Look at risk through a ‘service’ lens

According to the IOR, “Operational resilience requires organisations to look at risk through a service lens, not just by the system, business or operational area. Whilst this requires a shift in mindset, operational resilience is an outcome, not a risk, so the key activities to manage the risks that in aggregate determine operational resilience should follow existing risk management processes and use existing frameworks where practicable to do so.”

Since collaboration can improve operational resilience governance, it is advisable to identify all business services, defining each as “a service that an organisation provides to an external end-user” deemed important if “its disruption would materially impact an organisation’s (financial or operational) viability, cause considerable customer harm or impact its ability to deliver is Board approved strategy.”

Mapping processes, measuring service impact

Why should processes be mapped? According to IOR, it enables the identification and management of key operational risks (people, processes, and systems) associated with delivering a service. “Understanding how a service is delivered and how it could be disrupted enables organisations to put proportionate measures in place to prevent service outage and as result, may create value through rationalisation of existing silo-based control activities.”

Since mapping is likely to be a major undertaking, the IOR advises that it should reference content within an organization’s risk register, which will aid focus on the largest risks and their impact (rather than their likelihood.)

When it comes to measurement, there is no requirement to quantify impact using specified metrics. It may be worth remembering that resilience is “dynamic and therefore measures should, where possible, be data-driven and able to be measured in as close to real-time as possible to support swift action should an operational event occur that impacts service delivery.”

Setting impact tolerance

Section 5 within the Operational Resilience whitepaper details the determination and setting of impact tolerances for important business services. “Tolerance will usually be expressed in terms of service outage time (this will be mandatory for UK Financial Services organisations) but can also be used in combination with other relevant metrics (for example number of clients impacted or production volume.)” IOR’s advice is that tolerances should be set at or before the point at which disruption would cause intolerable risk – harm to consumers/market participants, financial harm to the organization itself, or its licence to operate.

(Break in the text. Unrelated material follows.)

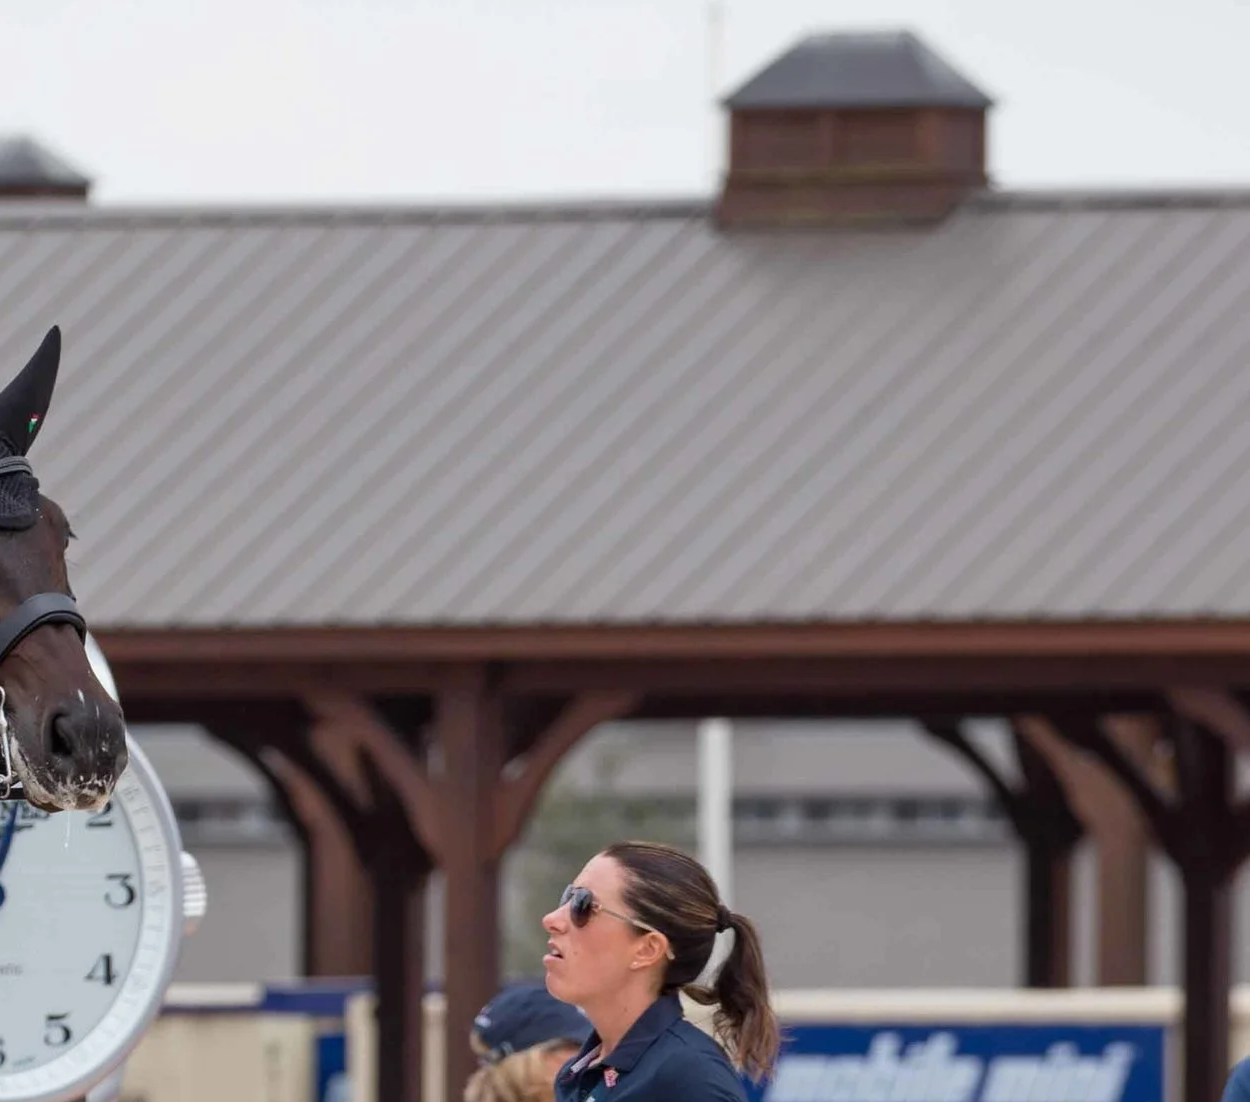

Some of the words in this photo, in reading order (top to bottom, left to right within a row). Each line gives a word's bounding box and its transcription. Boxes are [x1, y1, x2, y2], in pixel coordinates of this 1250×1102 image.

[103, 872, 137, 909] 3
[84, 953, 118, 986] 4
[43, 1012, 72, 1047] 5

Operational resilience scenario testing, monitoring, and control

The Institute recommends that operational resilience scenarios should be designed and tested in the way that they are for operational risk. Though the outputs will different, they will be useful for governance and compliance, and to support strategic and operational decision-making.

It is suggested that operational resilience is considered within existing operational risk management fora and reporting. “…the overarching rile should be to use existing information and wherever possible, don’t overcomplicate. The objective is to identify emerging risks that could impact an organisation’s ability to deliver IBS (or stay within impact tolerance in the event of an outage) and, where appropriate, take action to mitigate them.”

Since managing operational resilience is about expecting change and reacting to external events, monitoring should take into account:

Interdependency and interconnections between systems and services
3^rd part dependencies and outsourcing
The external environment

Consider existing risk management processes

IOR advises that existing risk management practices should be referenced in the first instance since they will hold much of the data and proactive and reactive practices required to manage operational resilience.

It may also be useful to remember that Rome wasn’t built in a day. Operational resilience “is an evolving discipline and operational resilience management frameworks and policies should be designed to support agile decision making and be adaptable to respond to emerging threats, issues and regulations.”